**Required work:**
Please transcribe all of the entries exactly, leaving out any images.

=======

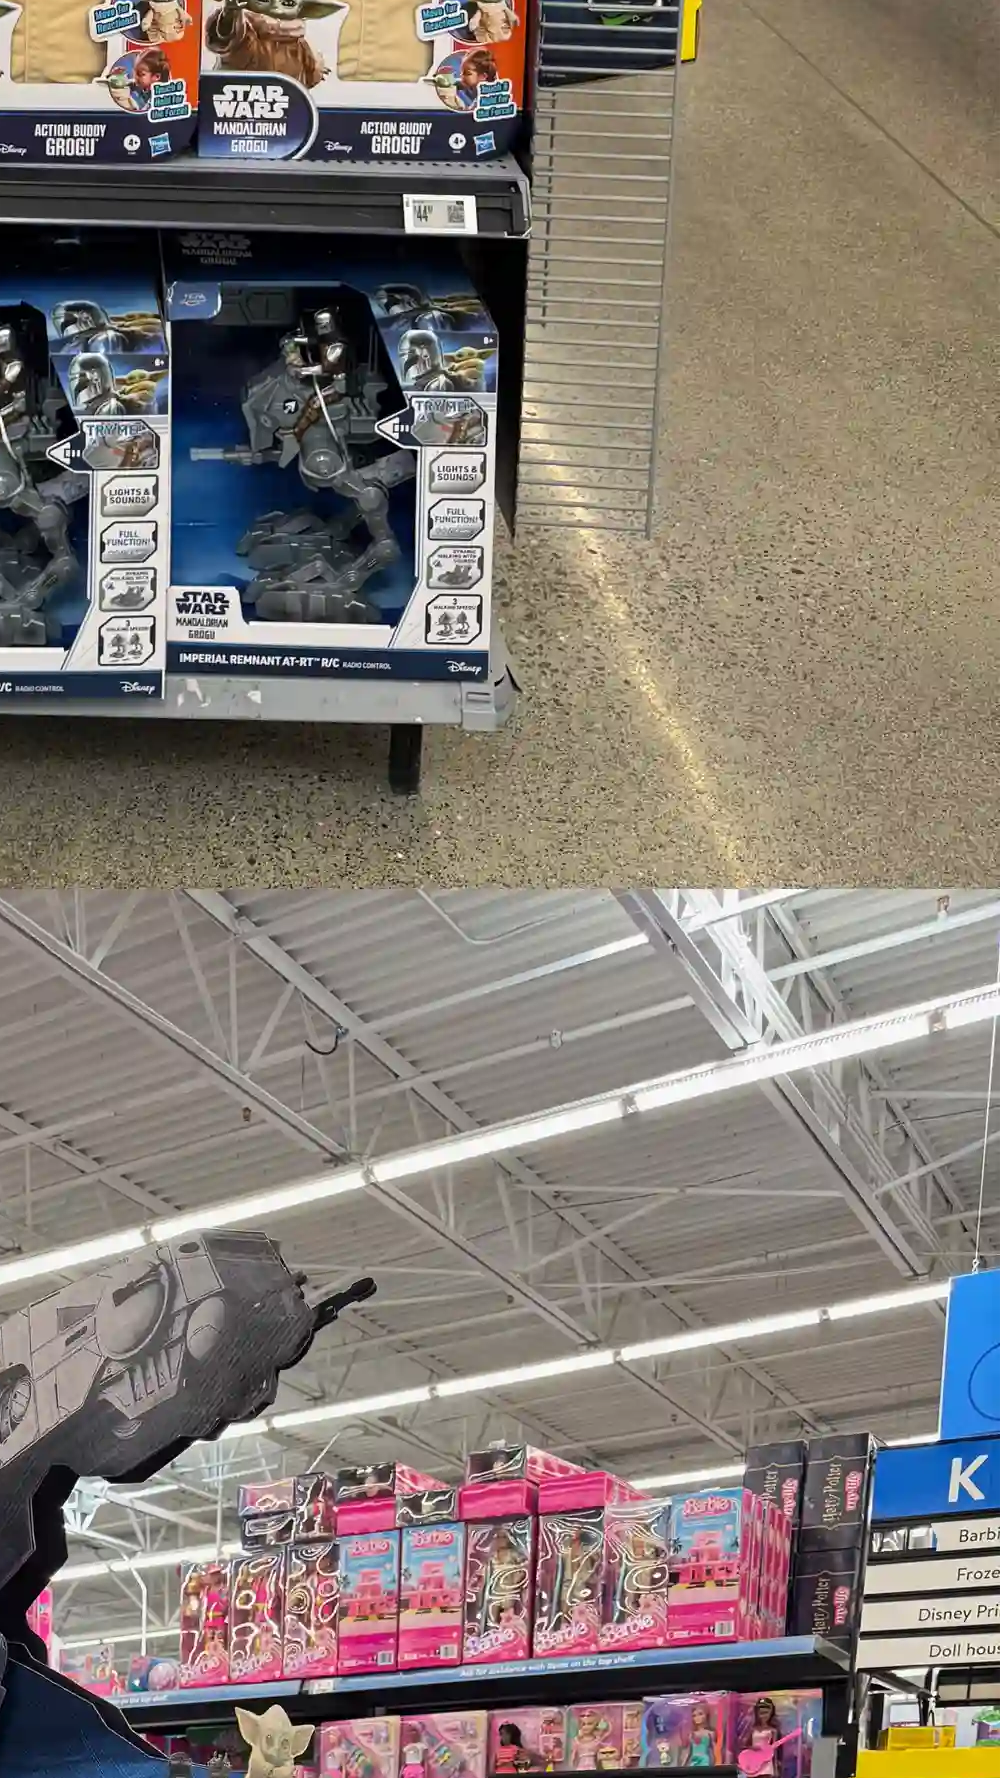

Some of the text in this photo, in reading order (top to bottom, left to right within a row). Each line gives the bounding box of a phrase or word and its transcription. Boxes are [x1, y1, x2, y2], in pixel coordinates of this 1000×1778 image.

[948, 1455, 989, 1502] K
[684, 1495, 732, 1515] Barbie
[957, 1568, 1000, 1581] Froze
[918, 1608, 972, 1623] Disney
[929, 1643, 961, 1658] Doll

=======

**Answer to the problem:**
Some of the text in this photo, in reading order (top to bottom, left to right within a row). Each line gives the bounding box of a phrase or word and its transcription. Boxes are [x1, y1, x2, y2], in pixel coordinates of this 1000×1778 image.

[948, 1455, 989, 1502] K
[684, 1495, 732, 1515] Barbie
[957, 1568, 1000, 1581] Froze
[918, 1608, 972, 1623] Disney
[929, 1643, 961, 1658] Doll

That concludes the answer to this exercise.